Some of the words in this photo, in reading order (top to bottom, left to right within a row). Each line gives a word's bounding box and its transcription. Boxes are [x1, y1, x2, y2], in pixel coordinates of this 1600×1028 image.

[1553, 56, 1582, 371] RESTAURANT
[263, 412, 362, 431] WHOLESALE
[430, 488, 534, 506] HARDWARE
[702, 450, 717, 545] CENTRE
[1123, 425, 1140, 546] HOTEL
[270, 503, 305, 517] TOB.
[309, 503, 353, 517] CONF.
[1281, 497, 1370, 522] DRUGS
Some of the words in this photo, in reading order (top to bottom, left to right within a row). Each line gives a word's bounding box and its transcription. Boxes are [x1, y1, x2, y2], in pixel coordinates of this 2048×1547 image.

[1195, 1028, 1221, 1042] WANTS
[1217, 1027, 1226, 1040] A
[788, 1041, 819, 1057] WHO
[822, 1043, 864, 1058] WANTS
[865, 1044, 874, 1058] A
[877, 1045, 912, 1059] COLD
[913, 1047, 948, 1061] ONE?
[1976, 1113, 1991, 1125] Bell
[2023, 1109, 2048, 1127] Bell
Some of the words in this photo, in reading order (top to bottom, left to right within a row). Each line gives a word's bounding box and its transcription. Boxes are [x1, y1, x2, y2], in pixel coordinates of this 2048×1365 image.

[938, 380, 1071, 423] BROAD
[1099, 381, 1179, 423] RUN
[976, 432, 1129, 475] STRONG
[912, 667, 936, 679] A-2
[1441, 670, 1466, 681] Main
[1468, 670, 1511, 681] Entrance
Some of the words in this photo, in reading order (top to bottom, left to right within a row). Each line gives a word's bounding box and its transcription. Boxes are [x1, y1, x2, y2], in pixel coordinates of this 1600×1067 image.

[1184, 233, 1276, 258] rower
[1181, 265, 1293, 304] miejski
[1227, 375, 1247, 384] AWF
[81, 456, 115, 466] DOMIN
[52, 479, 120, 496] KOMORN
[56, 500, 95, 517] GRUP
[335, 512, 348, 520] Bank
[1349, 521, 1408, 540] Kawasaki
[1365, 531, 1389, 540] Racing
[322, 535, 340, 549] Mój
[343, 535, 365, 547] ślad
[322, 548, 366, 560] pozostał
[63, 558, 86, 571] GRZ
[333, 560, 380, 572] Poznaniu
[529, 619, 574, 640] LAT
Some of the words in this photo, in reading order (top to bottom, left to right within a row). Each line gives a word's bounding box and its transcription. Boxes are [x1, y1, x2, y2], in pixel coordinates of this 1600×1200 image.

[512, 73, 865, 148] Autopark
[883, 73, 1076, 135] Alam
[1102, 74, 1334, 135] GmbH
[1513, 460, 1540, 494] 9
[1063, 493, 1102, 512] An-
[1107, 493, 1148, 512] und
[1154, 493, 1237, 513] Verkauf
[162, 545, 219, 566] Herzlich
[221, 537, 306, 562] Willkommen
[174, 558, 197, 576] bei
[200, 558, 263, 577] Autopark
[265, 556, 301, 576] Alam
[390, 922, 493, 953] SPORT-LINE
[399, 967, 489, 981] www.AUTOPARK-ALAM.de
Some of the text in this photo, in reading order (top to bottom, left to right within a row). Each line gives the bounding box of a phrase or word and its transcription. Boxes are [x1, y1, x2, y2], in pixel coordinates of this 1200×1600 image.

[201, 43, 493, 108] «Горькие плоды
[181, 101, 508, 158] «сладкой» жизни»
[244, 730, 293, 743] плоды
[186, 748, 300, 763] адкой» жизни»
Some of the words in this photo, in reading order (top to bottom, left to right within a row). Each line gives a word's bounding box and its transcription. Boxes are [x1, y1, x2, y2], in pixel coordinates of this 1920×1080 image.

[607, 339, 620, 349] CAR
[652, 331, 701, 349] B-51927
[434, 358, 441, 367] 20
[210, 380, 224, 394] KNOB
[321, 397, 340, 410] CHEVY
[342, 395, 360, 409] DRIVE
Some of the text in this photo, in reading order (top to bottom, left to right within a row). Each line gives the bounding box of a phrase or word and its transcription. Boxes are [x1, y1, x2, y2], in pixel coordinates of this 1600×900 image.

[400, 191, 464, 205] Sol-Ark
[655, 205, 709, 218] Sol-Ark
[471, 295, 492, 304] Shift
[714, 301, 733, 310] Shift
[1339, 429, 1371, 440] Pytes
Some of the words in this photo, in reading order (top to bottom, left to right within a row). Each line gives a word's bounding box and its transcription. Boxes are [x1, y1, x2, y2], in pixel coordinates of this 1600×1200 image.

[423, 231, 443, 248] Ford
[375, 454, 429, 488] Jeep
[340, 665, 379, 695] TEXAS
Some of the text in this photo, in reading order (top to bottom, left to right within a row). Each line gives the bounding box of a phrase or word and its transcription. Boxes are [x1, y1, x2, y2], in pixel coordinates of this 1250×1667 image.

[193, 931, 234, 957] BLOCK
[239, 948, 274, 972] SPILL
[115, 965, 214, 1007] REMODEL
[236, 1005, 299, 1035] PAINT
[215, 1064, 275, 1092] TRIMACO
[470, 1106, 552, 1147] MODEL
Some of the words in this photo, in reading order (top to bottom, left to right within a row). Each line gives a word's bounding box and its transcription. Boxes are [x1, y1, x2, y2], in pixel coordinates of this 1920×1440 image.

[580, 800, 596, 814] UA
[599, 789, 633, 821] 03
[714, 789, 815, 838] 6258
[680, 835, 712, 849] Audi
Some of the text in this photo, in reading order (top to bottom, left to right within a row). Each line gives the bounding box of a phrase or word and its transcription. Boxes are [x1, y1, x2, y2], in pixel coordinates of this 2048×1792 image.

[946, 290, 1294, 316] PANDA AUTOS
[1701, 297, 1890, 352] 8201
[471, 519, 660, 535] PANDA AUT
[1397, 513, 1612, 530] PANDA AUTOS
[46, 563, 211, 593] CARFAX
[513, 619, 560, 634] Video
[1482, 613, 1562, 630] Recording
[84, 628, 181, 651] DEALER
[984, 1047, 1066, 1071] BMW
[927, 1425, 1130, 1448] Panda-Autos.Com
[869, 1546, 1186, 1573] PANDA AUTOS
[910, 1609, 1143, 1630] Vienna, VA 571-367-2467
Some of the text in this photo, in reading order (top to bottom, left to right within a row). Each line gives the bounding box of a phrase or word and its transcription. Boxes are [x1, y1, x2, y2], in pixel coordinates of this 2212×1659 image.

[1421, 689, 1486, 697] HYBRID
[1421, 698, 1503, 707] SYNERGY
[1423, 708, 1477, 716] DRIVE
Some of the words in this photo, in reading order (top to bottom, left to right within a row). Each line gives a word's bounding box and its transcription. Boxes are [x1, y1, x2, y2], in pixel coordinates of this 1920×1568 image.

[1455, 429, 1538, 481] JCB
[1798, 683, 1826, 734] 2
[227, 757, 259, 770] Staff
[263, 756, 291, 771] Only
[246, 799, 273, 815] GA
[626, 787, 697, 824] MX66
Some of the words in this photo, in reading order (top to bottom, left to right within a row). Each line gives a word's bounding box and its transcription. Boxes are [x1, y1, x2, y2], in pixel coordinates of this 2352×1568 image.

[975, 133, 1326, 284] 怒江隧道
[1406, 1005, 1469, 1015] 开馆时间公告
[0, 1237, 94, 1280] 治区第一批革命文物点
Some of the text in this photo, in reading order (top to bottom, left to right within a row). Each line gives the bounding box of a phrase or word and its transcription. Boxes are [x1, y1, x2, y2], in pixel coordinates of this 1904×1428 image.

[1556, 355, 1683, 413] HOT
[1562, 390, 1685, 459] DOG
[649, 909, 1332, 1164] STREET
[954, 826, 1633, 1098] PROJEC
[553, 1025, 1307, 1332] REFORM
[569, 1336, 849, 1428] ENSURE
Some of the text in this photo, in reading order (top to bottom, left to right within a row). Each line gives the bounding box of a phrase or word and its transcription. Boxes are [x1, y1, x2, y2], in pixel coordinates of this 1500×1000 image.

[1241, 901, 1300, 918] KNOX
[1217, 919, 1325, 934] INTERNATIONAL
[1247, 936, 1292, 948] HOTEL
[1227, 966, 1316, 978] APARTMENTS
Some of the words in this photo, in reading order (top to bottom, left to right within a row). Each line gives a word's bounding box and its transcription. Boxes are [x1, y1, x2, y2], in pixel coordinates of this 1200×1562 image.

:::

WHAT THE TASK ASKS: All lines from the one that holds "this 1904×1428 image." through the end of the material, both ends included, should be restated exactly.

YOUR SOLUTION:
Some of the text in this photo, in reading order (top to bottom, left to right within a row). Each line gives the bounding box of a phrase or word and its transcription. Boxes are [x1, y1, x2, y2], in pixel coordinates of this 1904×1428 image.

[1556, 355, 1683, 413] HOT
[1562, 390, 1685, 459] DOG
[649, 909, 1332, 1164] STREET
[954, 826, 1633, 1098] PROJEC
[553, 1025, 1307, 1332] REFORM
[569, 1336, 849, 1428] ENSURE
Some of the text in this photo, in reading order (top to bottom, left to right within a row). Each line gives the bounding box of a phrase or word and its transcription. Boxes are [x1, y1, x2, y2], in pixel coordinates of this 1500×1000 image.

[1241, 901, 1300, 918] KNOX
[1217, 919, 1325, 934] INTERNATIONAL
[1247, 936, 1292, 948] HOTEL
[1227, 966, 1316, 978] APARTMENTS
Some of the words in this photo, in reading order (top to bottom, left to right within a row). Each line gives a word's bounding box and its transcription. Boxes are [x1, y1, x2, y2], in pixel coordinates of this 1200×1562 image.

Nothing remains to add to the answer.